> [Your objective] Once the pictures are set aside, copy everything else in the records exactly.

> [Input]
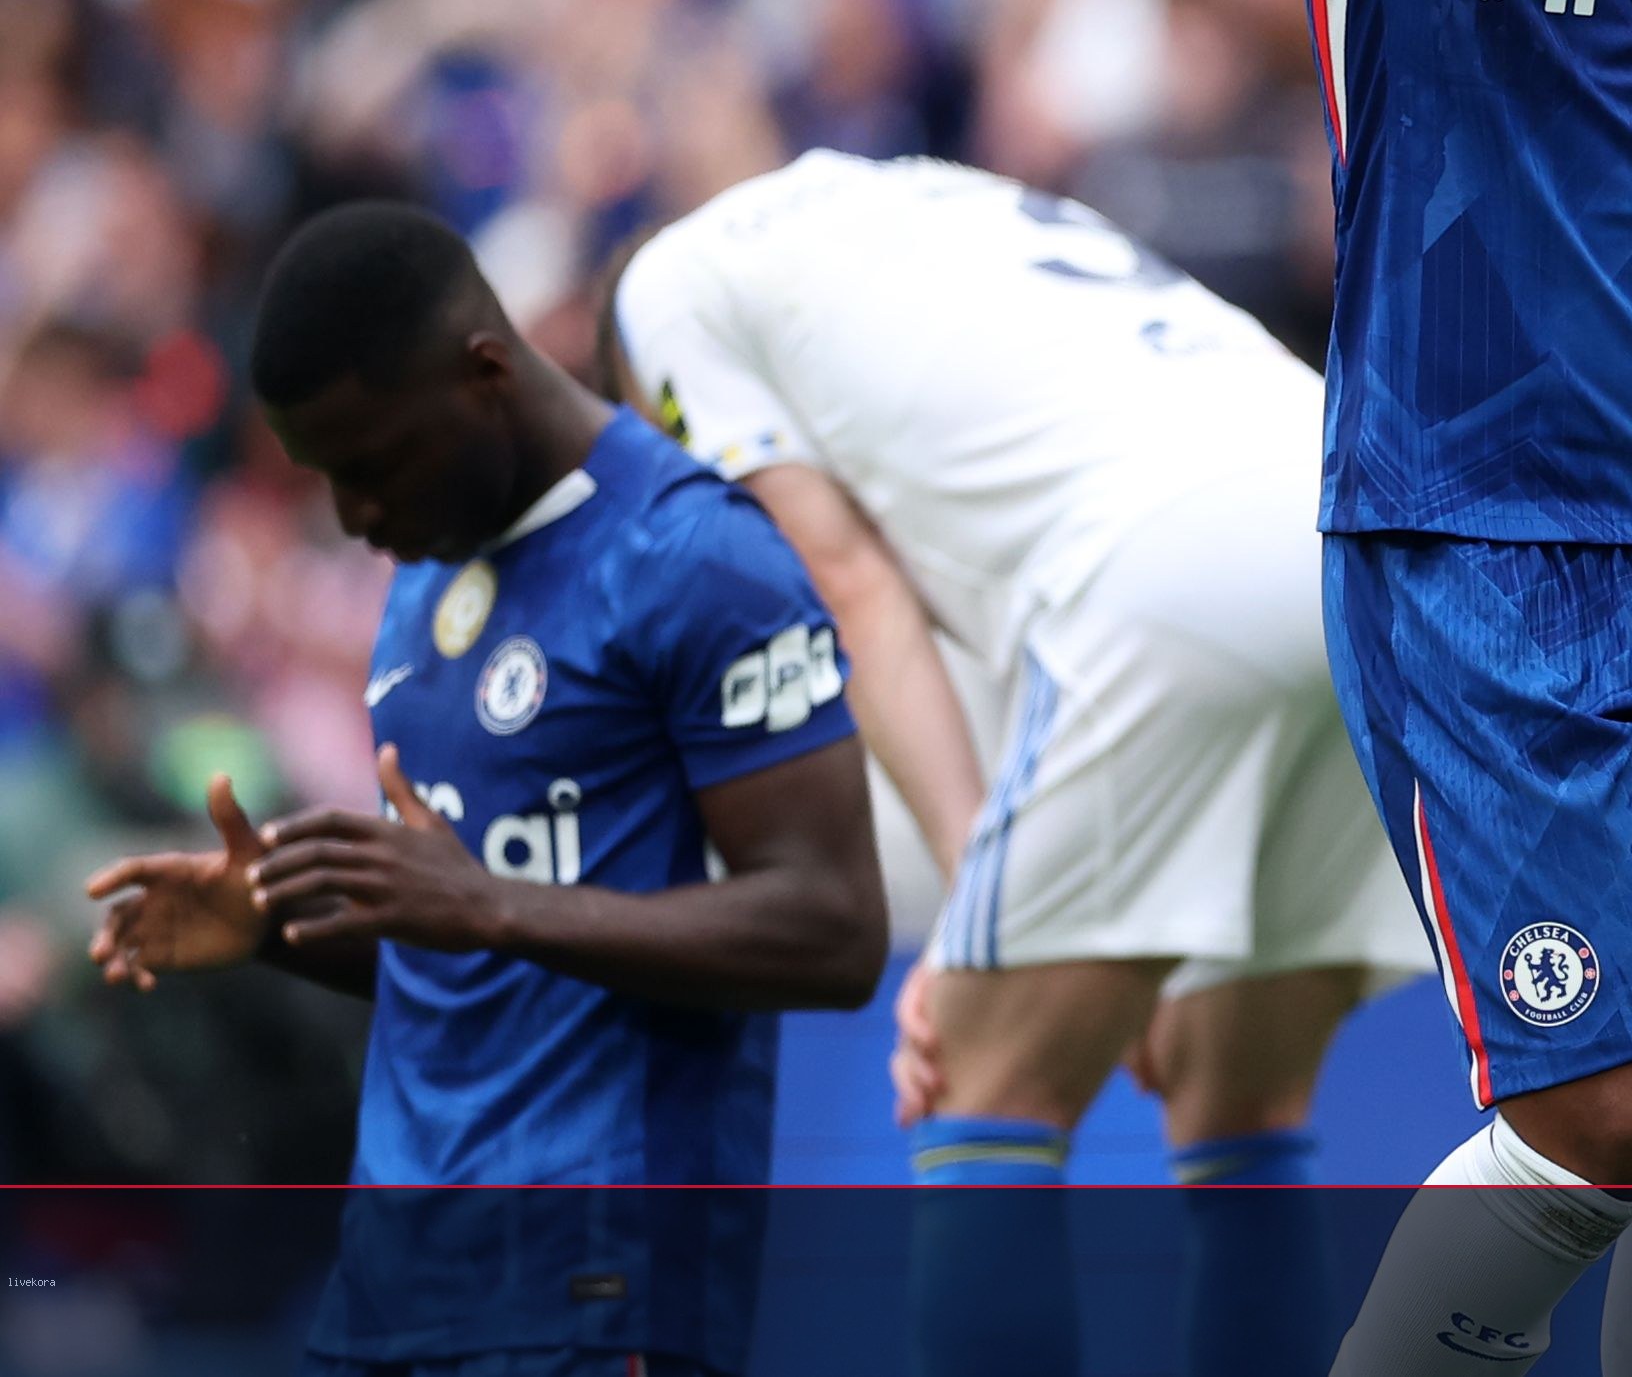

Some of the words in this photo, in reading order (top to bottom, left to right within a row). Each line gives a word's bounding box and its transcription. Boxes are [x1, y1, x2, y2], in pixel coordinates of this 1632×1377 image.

[1509, 927, 1569, 957] CHELSEA
[1524, 1009, 1567, 1020] FOOTBALL
[1569, 992, 1588, 1012] CLUB
[1451, 1311, 1530, 1349] CFC

> [Finished exercise]
Some of the words in this photo, in reading order (top to bottom, left to right within a row). Each line gives a word's bounding box and its transcription. Boxes are [x1, y1, x2, y2], in pixel coordinates of this 1632×1377 image.

[1509, 927, 1569, 957] CHELSEA
[1524, 1009, 1567, 1020] FOOTBALL
[1569, 992, 1588, 1012] CLUB
[1451, 1311, 1530, 1349] CFC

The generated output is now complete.